Butcher by Gary C. King

Butcher by Gary C. King

Author:Gary C. King [King, Gary C.]
Language: eng
Format: epub
Publisher: Kensington
Published: 2009-10-16T23:00:00+00:00


20

As the interrogation continued in the small RCMP interview room in Surrey, Sergeant Bill Fordy continued with his probe of Pickton’s life and tried to draw out what Pickton may have known about the missing women. Among the additional details he elicited from the suspected serial killer’s background through his questioning was the fact that Pickton had held a contract with the Vancouver Police Department for purchasing unclaimed cars that had been impounded by the police.

“I buy cars from the Vancouver police,” Pickton stated. “I have a contract there. Buy more than seventy a year. Had the contract almost four years. Just buy the old ones for salvage—there and other auctions. Strip the motor out and sell the motor. I found six hundred bucks in one. It wasn’t mine. I couldn’t take it. I took the money back to the owner. I don’t steal from nobody. People steal from me—left, right, and center. People knife me in the back. I’m just trying to help people. I try to help people.

“In one car,” he continued, “there was a single-bladed ax that had blood all over it. It came out of a 1989 Chevy Astro. The backseat was folded together. There was blood all over the backseats, everywhere else. But life goes on. When I pick up anything, I take it back to VPD, they say we don’t want anything back. Nothing. I go through about a hundred-fifty vehicles a year. I don’t have time to worry about one needle or anything else.”

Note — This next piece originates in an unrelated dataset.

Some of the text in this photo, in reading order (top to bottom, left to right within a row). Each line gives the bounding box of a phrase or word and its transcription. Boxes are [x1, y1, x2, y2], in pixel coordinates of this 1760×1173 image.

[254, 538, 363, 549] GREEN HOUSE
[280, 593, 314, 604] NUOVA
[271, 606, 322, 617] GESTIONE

“You said ‘need all’?” Fordy asked, trying to clarify what Pickton had said.

“Needles,” Pickton repeated.

“Oh, needles.”

“I look through glove boxes, trunks—you won’t believe what you find. It’s outrageous. Outrageous. Bras, tops, blouses, clothes,” Pickton said.

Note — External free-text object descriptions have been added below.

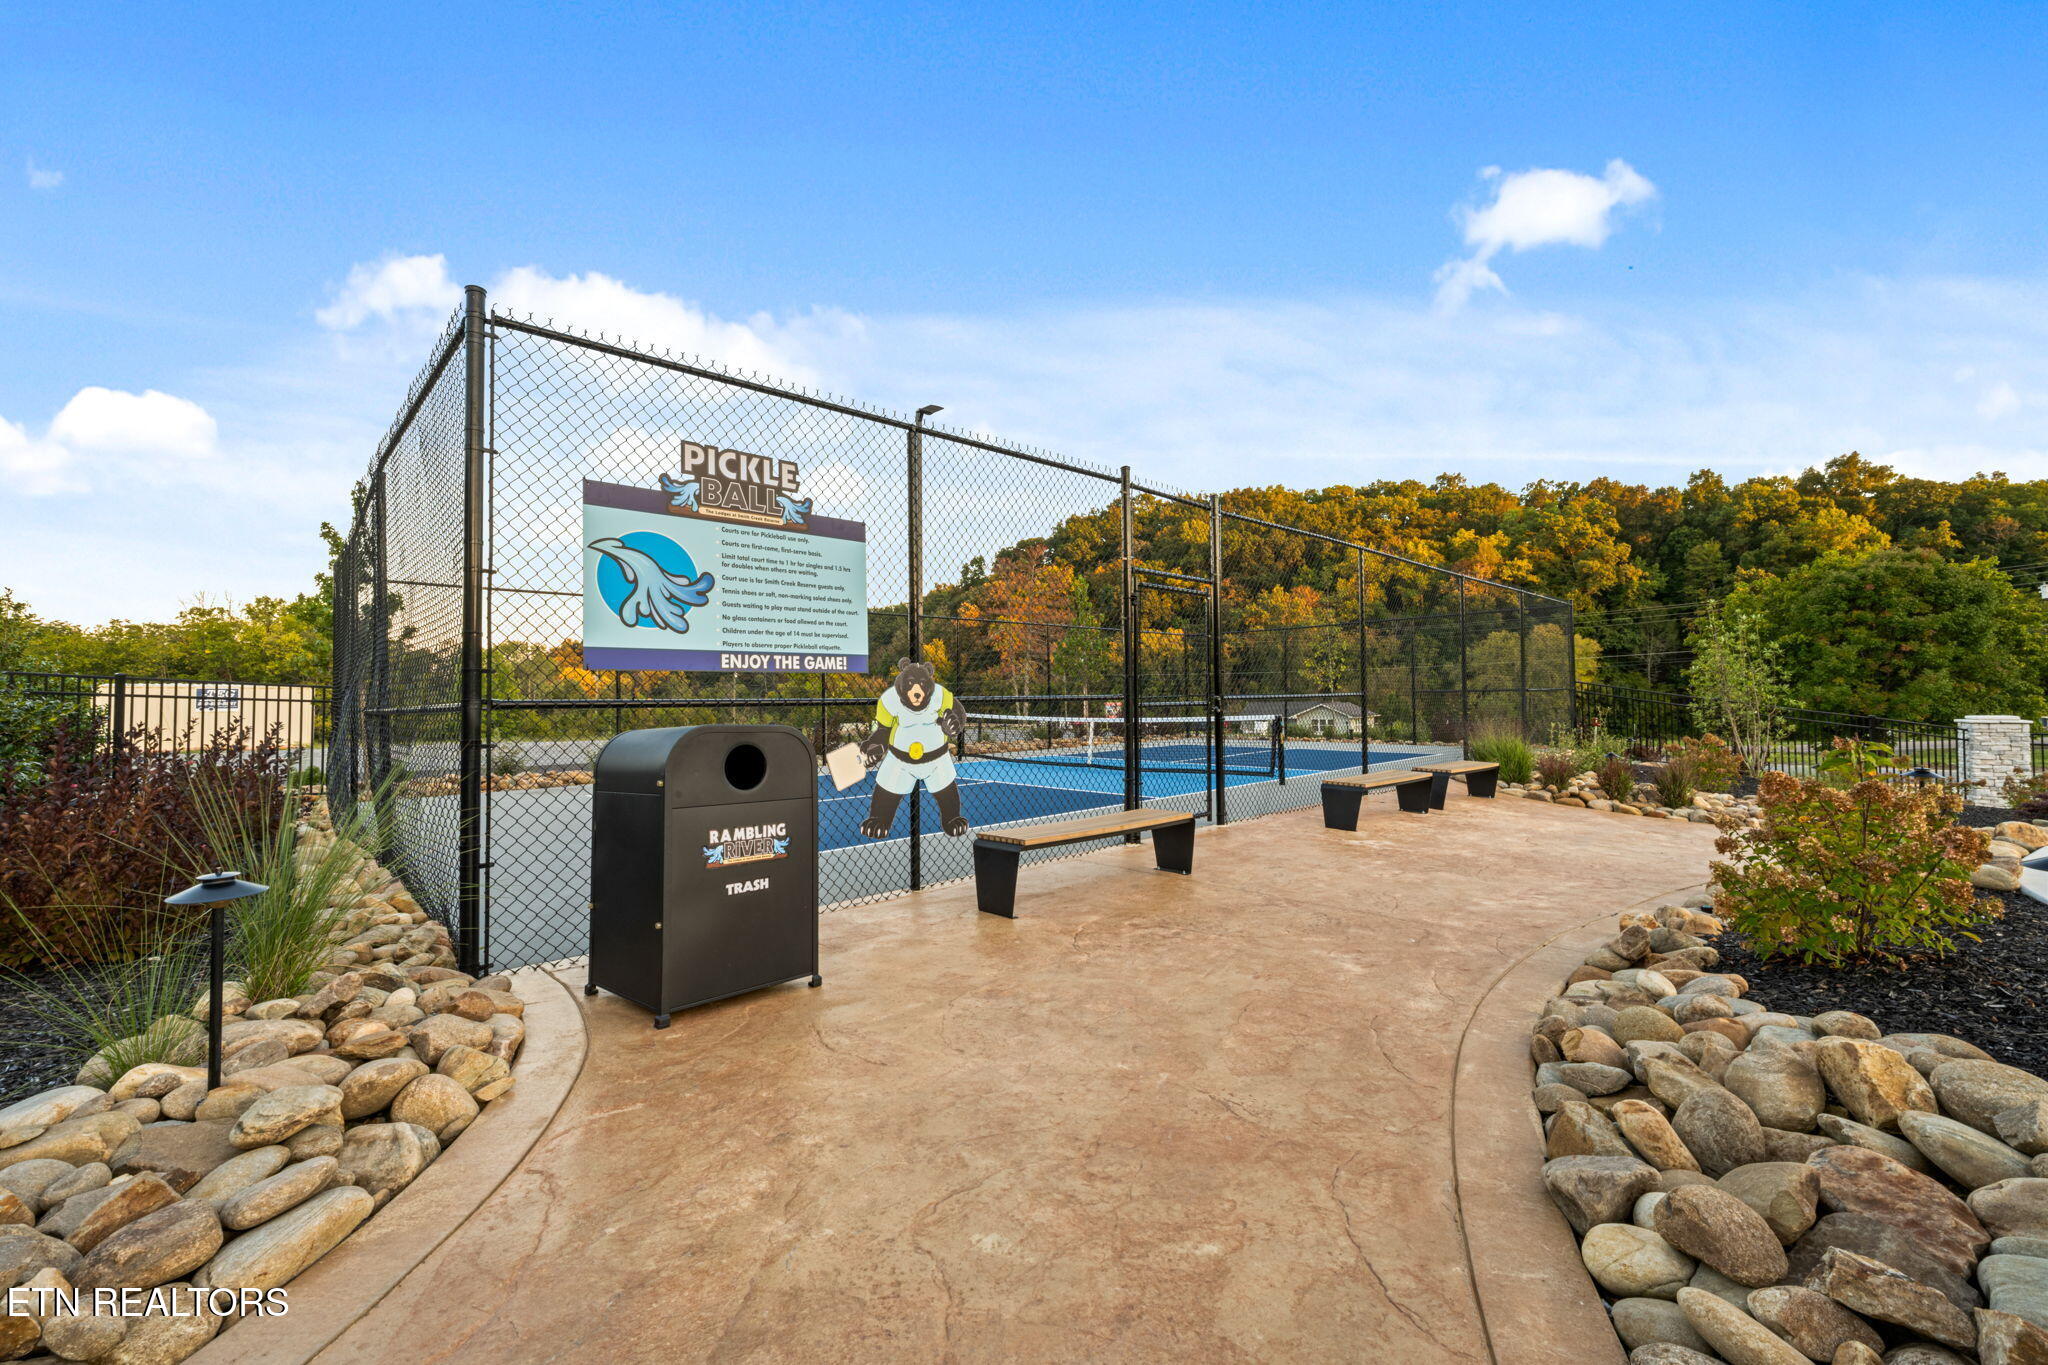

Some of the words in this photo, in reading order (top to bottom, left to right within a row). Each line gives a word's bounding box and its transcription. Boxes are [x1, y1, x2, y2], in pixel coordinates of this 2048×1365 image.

[684, 443, 797, 490] PICKLE
[701, 476, 784, 515] BALL
[761, 532, 786, 540] Pickleball
[752, 543, 780, 552] first-come,
[780, 547, 807, 555] first-serve
[743, 602, 763, 610] waiting
[721, 654, 770, 669] ENJOY
[774, 655, 800, 670] THE
[804, 656, 847, 670] GAME!
[709, 823, 786, 844] RAMBLING
[724, 838, 774, 859] RIVER
[726, 878, 769, 896] TRASH

Pickton’s comments about the women’s items that he claimed he found in the vehicles he purchased could have been his way of deceptively attempting to show how so many women’s garments and other items had come into his possession—or it could have been the truth. Fordy had no way of knowing yet just how much was truth and how much was bullshit—but he did know that Mona Wilson’s DNA had turned up in bloodstains found on a garment in Pickton’s closet.

“When you find that stuff, do you try to sell it?” Fordy asked.

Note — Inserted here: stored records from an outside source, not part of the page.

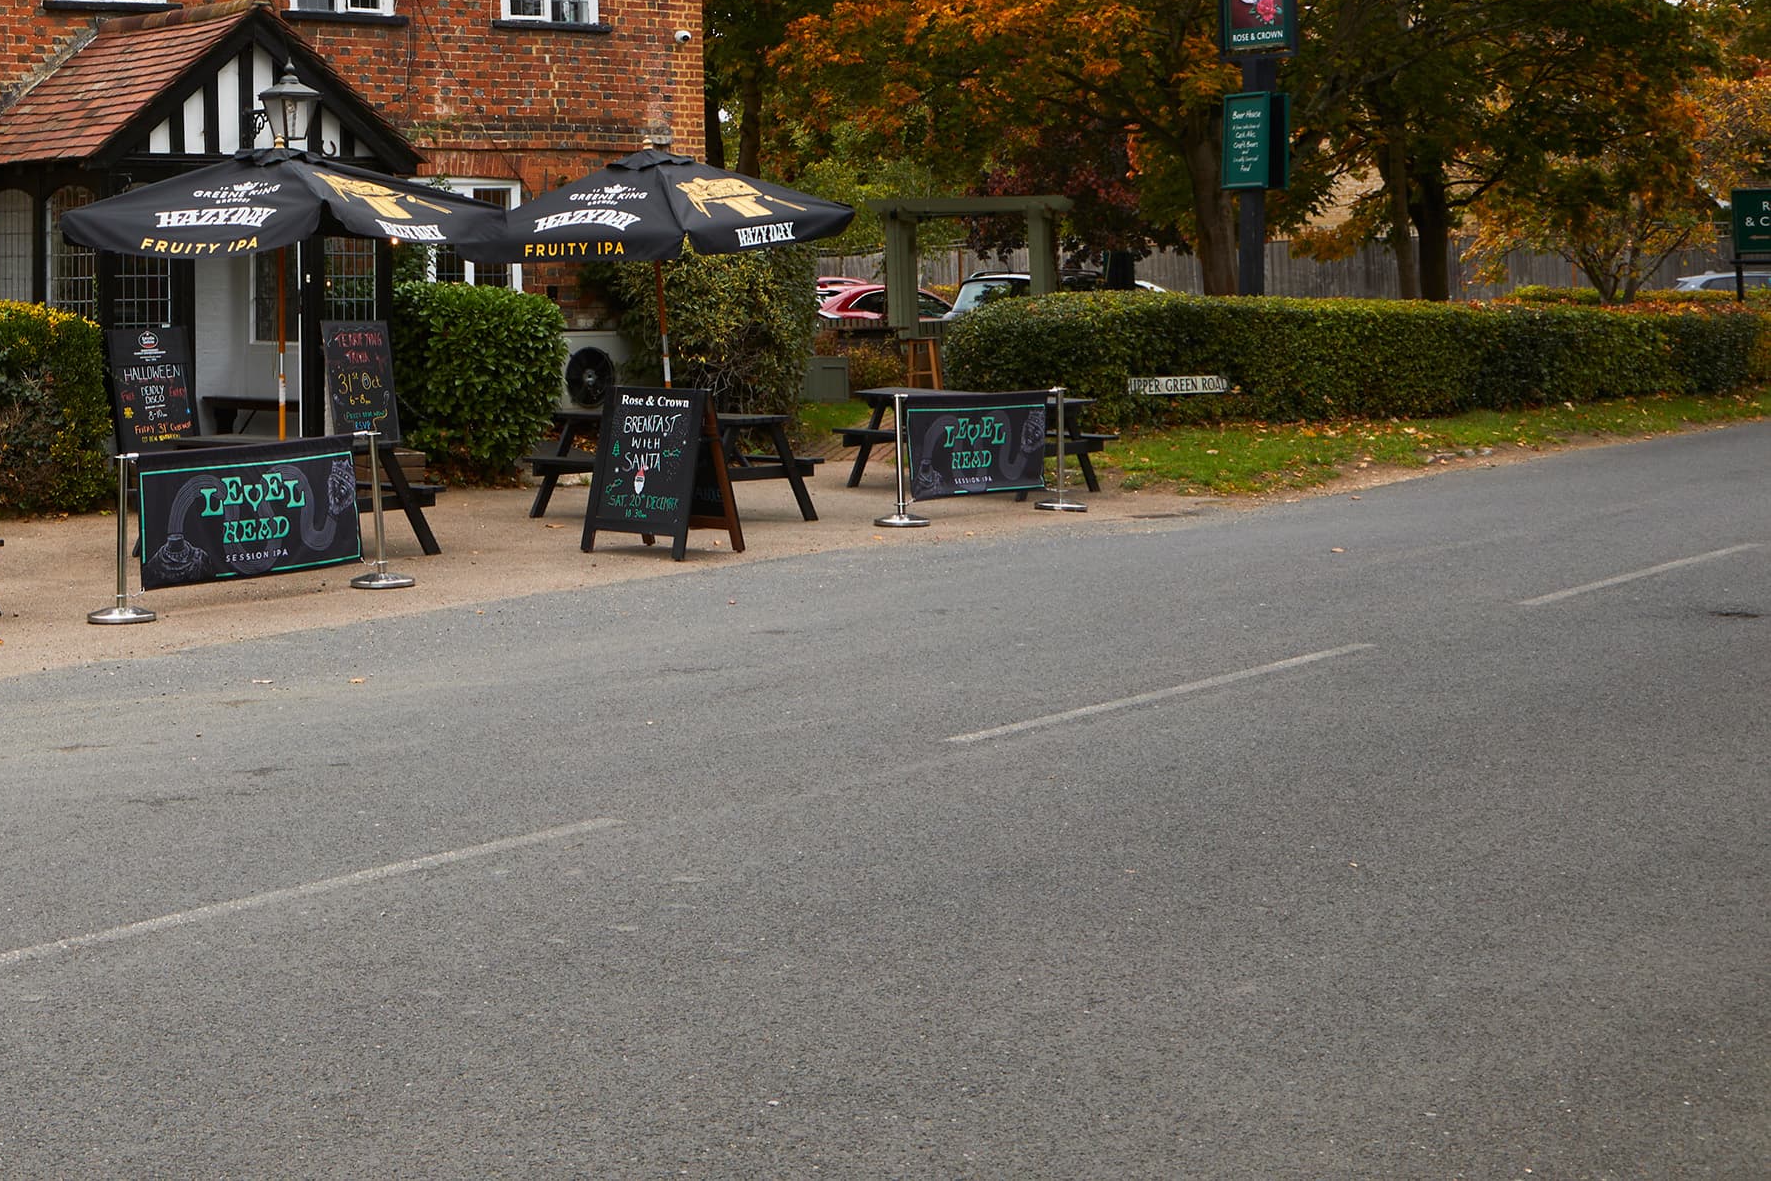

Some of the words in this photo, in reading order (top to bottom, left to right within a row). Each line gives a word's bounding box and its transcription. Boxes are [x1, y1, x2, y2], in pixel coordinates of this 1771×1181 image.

[1232, 33, 1249, 42] ROSE
[1250, 32, 1256, 41] &
[1256, 30, 1284, 40] CROWN
[192, 189, 245, 200] GREENE
[248, 183, 282, 197] KING
[569, 192, 616, 201] GREENE
[616, 191, 648, 200] KING
[1745, 216, 1755, 227] &
[140, 237, 221, 255] FRUITY
[227, 236, 259, 252] IPA
[524, 242, 589, 258] FRUITY
[597, 241, 625, 255] IPA
[123, 364, 181, 382] HALLOWEEN
[361, 371, 383, 390] Oct
[140, 385, 165, 397] DEADLY
[1129, 378, 1161, 394] UPPER
[1164, 377, 1199, 393] GREEN
[145, 394, 166, 405] DISCO
[621, 394, 644, 406] Rose
[645, 395, 655, 407] &
[657, 396, 690, 408] Crown
[354, 420, 372, 431] RSVP
[623, 413, 682, 434] BREAKFAST
[943, 416, 1007, 448] LEVEL
[622, 451, 661, 472] SANTA
[951, 450, 993, 470] HEAD
[200, 472, 305, 516] LEVEL
[645, 495, 679, 511] DECEMBER
[222, 515, 291, 544] HEAD
[225, 551, 269, 562] SESSION
[273, 548, 289, 557] IPA

“No, no time. I bring two, three, four a day in. I don’t take anything out. If I see something valuable, I do. Tools, things like that, I put it aside.”

“I can understand, with that quantity coming in. So you said you find bras, clothes?”

“Everything’s there. People live in their cars…. A woman was supposed to come back and do laundry, take her clothes. They were all on the bed. She never came back. I don’t know what happened to her. She was staying in a van behind the Cobalt (hotel). Another person was staying behind the Georgia Viaduct.”

“What’s her name?”

“I don’t know. They all look alike, and so many come and go.”

“You’d remember if you killed them—”

“I don’t remember them!” Pickton exclaimed. “I don’t.